*** DATA LISTING Section Begins ***

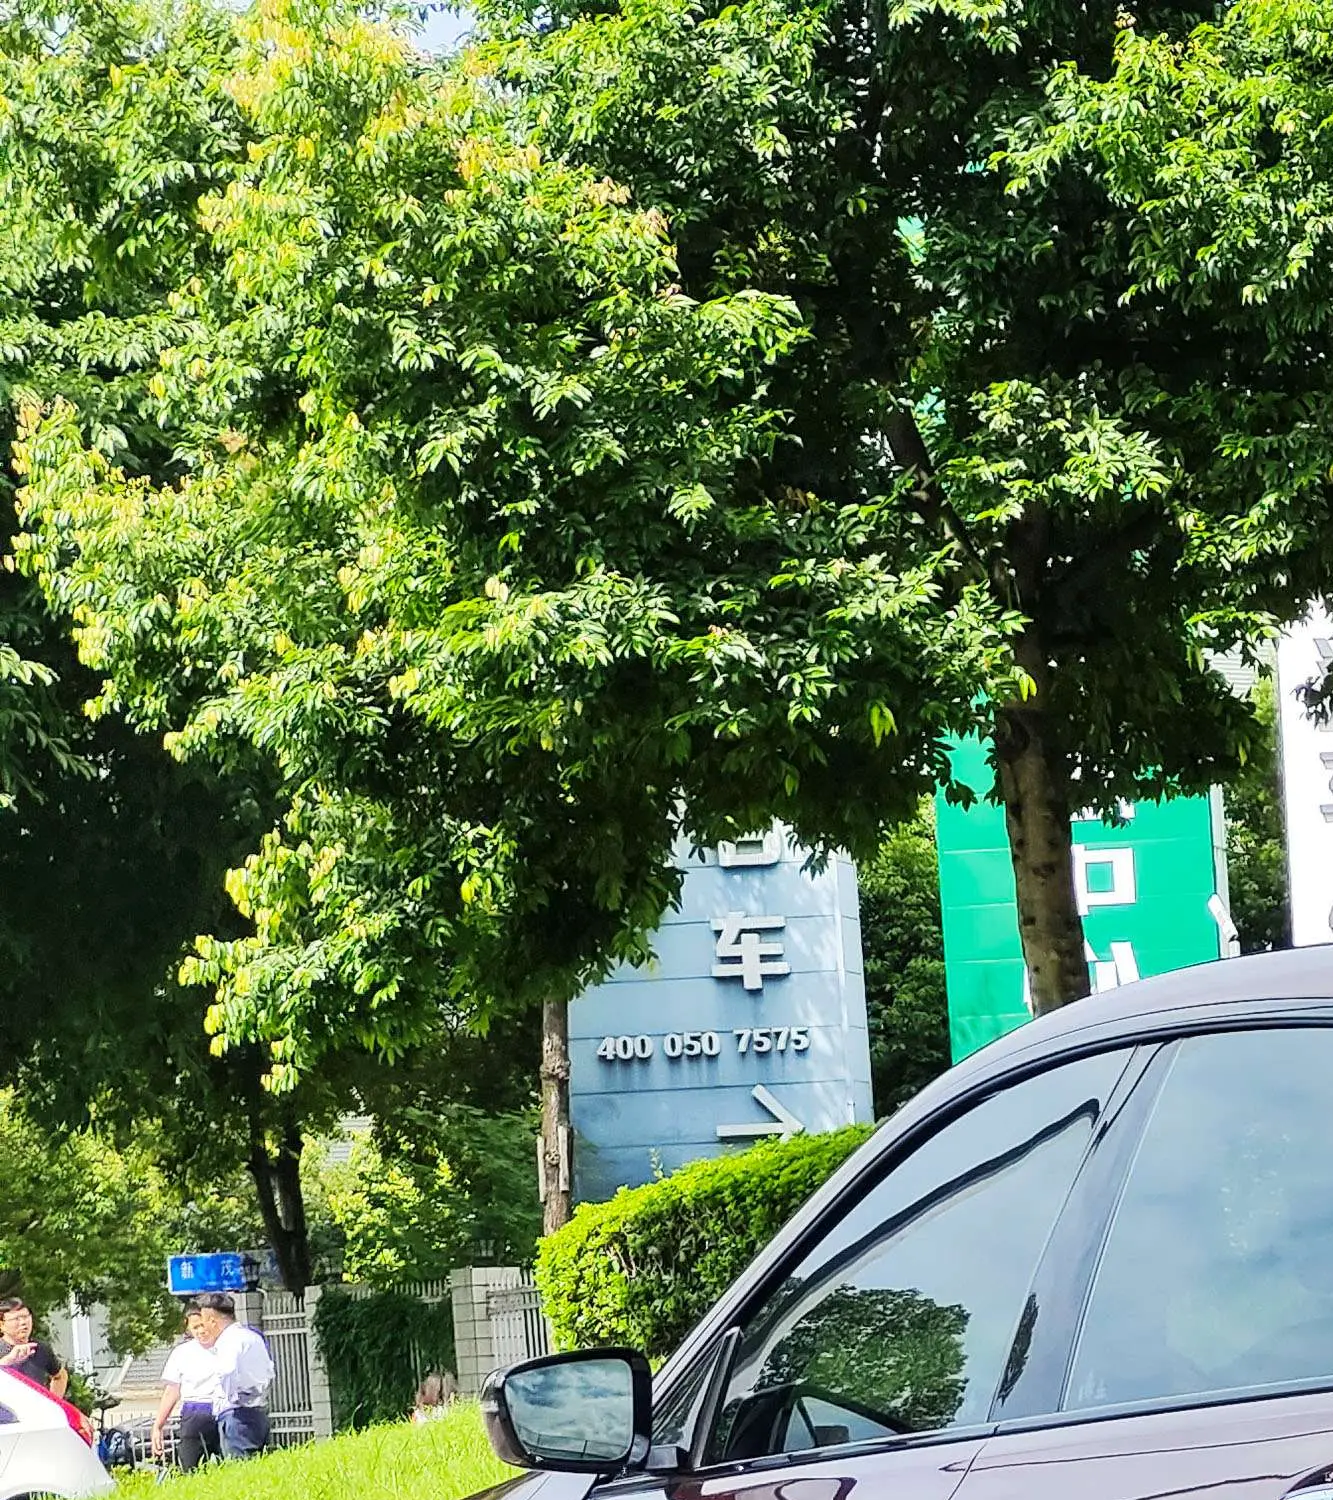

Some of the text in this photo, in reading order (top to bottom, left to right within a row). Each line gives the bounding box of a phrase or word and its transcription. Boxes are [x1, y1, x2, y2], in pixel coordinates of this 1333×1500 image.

[597, 1026, 810, 1060] 400 050 7575
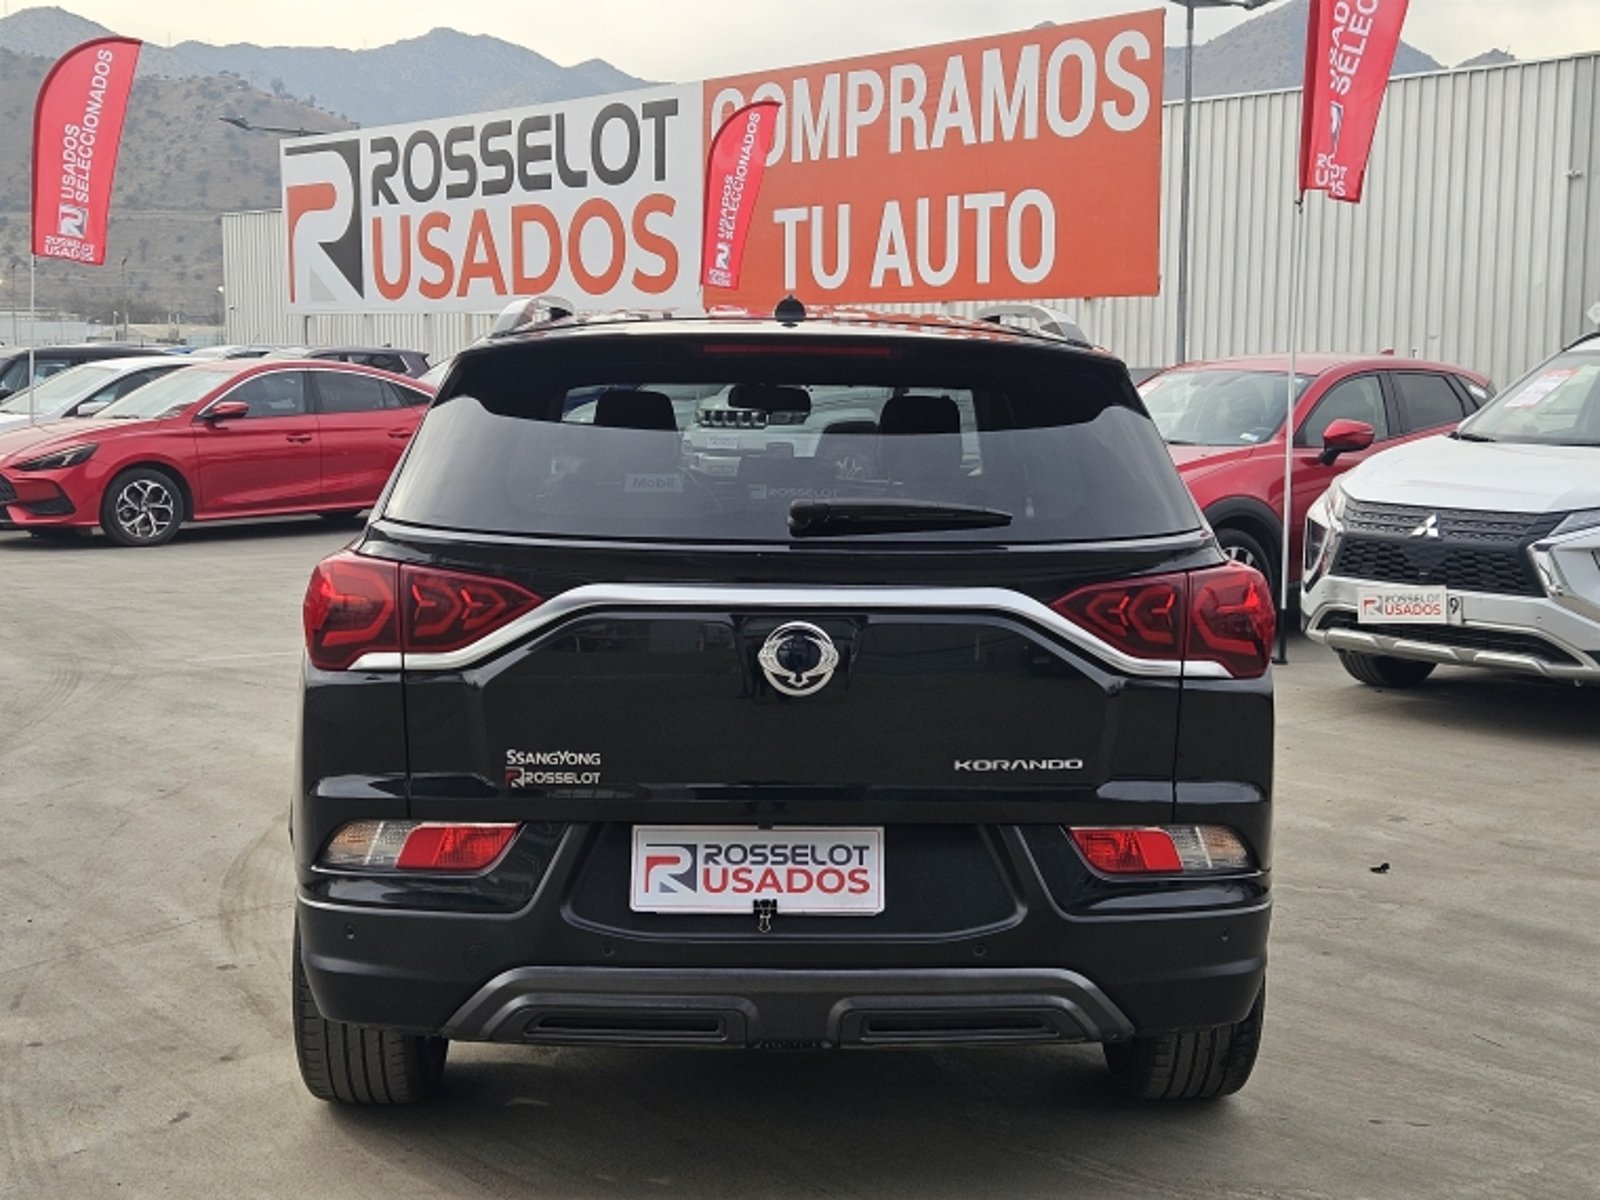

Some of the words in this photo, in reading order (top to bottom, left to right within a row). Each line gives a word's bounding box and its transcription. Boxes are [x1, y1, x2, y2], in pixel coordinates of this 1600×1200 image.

[75, 49, 114, 204] SELECCIONADOS
[370, 98, 679, 206] ROSSELOT
[60, 123, 81, 199] USADOS
[371, 193, 680, 300] USADOS
[773, 204, 851, 290] TU
[870, 189, 1056, 288] AUTO
[1384, 603, 1441, 616] USADOS
[524, 772, 601, 784] ROSSELOT
[953, 759, 1083, 771] KORANDO
[703, 844, 870, 866] ROSSELOT
[703, 867, 871, 894] USADOS
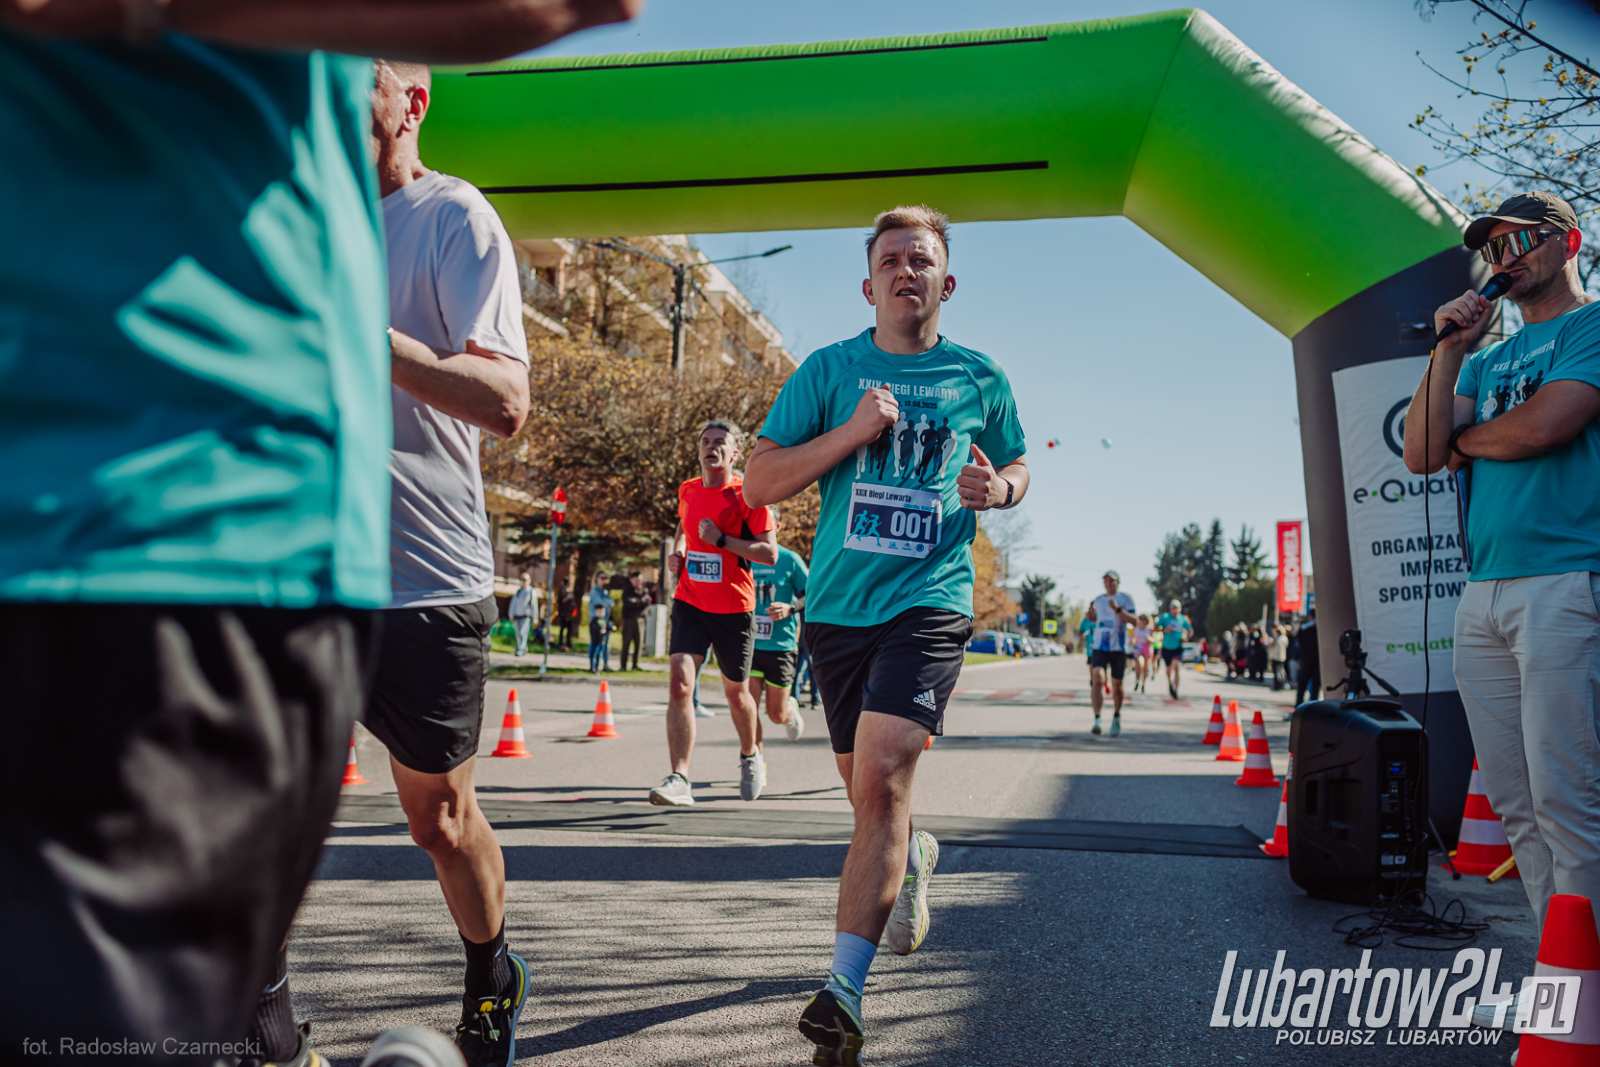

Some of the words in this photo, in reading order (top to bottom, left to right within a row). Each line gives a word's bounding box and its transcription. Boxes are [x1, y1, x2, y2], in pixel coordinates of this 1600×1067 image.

[891, 384, 910, 396] IEGI
[890, 510, 932, 540] 001
[700, 563, 718, 575] 158
[1378, 581, 1467, 604] SPORTOW
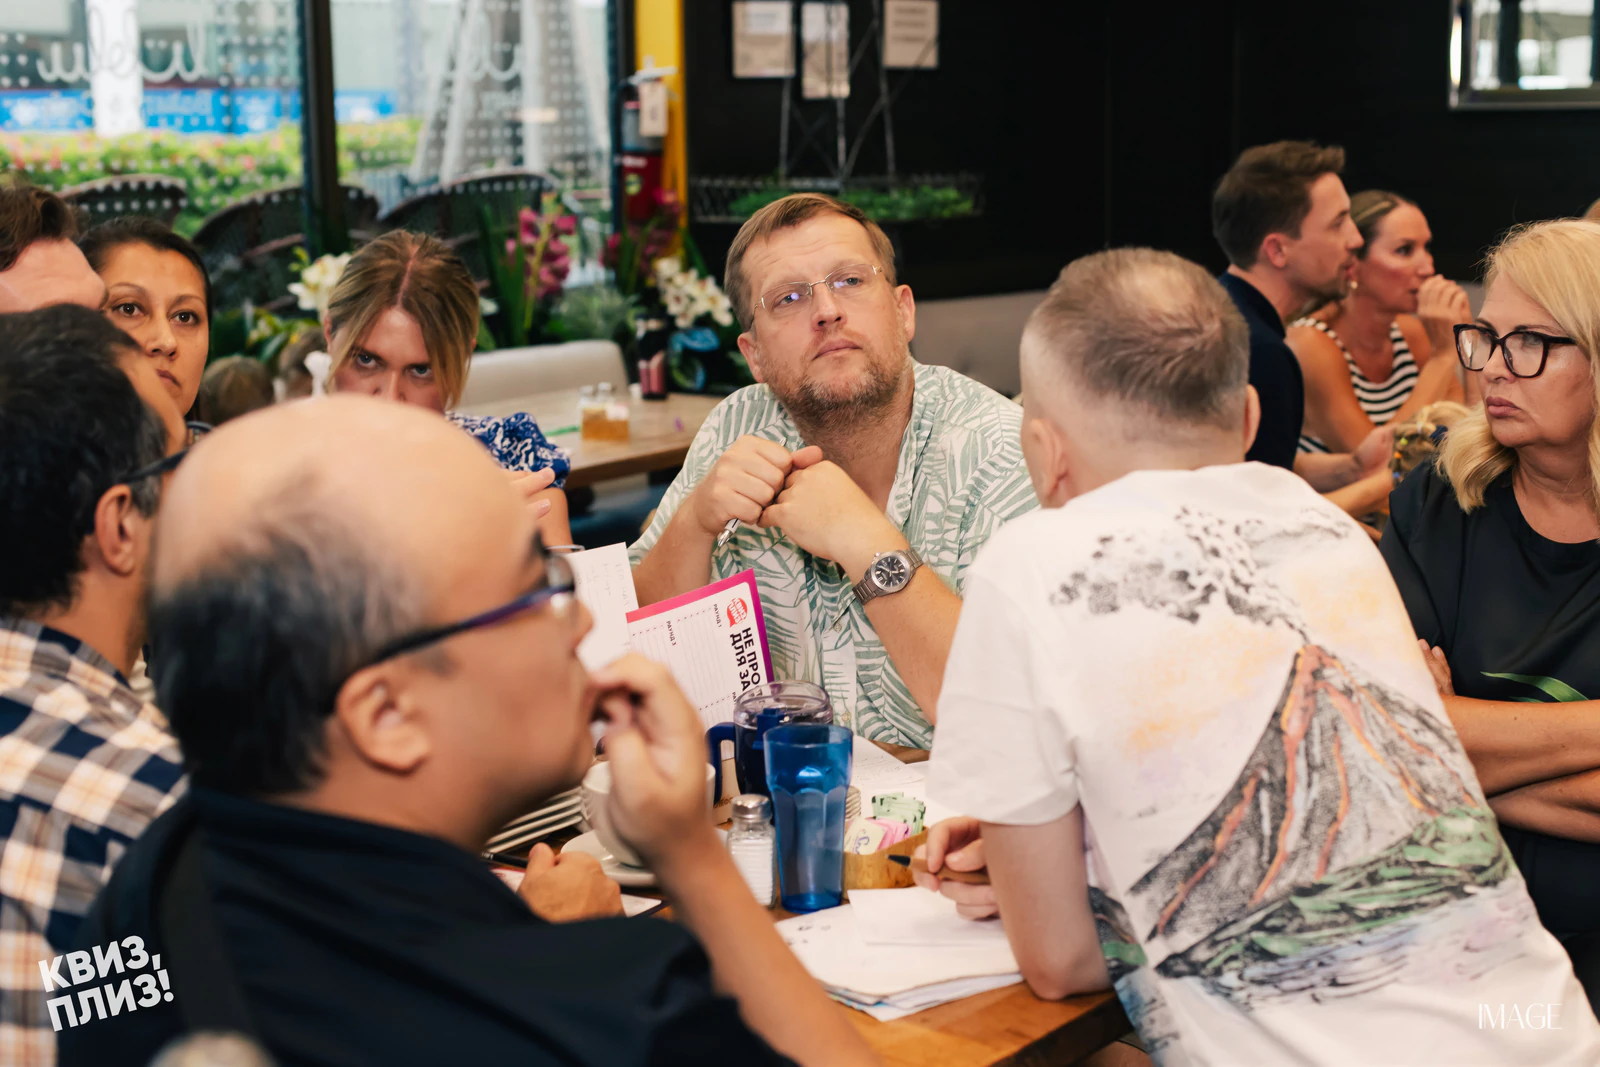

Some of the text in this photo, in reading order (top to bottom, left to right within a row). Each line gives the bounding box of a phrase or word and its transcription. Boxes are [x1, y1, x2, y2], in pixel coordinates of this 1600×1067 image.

*** DATA LISTING Section Ends ***

WHAT IS REQUIRED:
Please transcribe every entry exactly as written, leaving the pictures out.

RESPONSE BOX:
Some of the text in this photo, in reading order (top to bottom, left to right within a row). Each line gives the bounding box of a phrase or word and its transcription. Boxes are [x1, y1, x2, y2], in pixel coordinates of this 1333×1500 image.

[597, 1026, 810, 1060] 400 050 7575

Some of the words in this photo, in reading order (top to bottom, left to right within a row). Each line gives a word's bounding box and its transcription. Boxes are [x1, y1, x2, y2], in pixel coordinates of this 1600×1200 image.

[75, 49, 114, 204] SELECCIONADOS
[370, 98, 679, 206] ROSSELOT
[60, 123, 81, 199] USADOS
[371, 193, 680, 300] USADOS
[773, 204, 851, 290] TU
[870, 189, 1056, 288] AUTO
[1384, 603, 1441, 616] USADOS
[524, 772, 601, 784] ROSSELOT
[953, 759, 1083, 771] KORANDO
[703, 844, 870, 866] ROSSELOT
[703, 867, 871, 894] USADOS

Some of the words in this photo, in reading order (top to bottom, left to right within a row). Each line gives a word's bounding box and its transcription. Boxes are [x1, y1, x2, y2], in pixel coordinates of this 1600×1067 image.

[891, 384, 910, 396] IEGI
[890, 510, 932, 540] 001
[700, 563, 718, 575] 158
[1378, 581, 1467, 604] SPORTOW

Some of the text in this photo, in reading order (top to bottom, left to right within a row). Each line gives the bounding box of a phrase or word and its transcription. Boxes are [x1, y1, x2, y2], in pixel coordinates of this 1600×1067 image.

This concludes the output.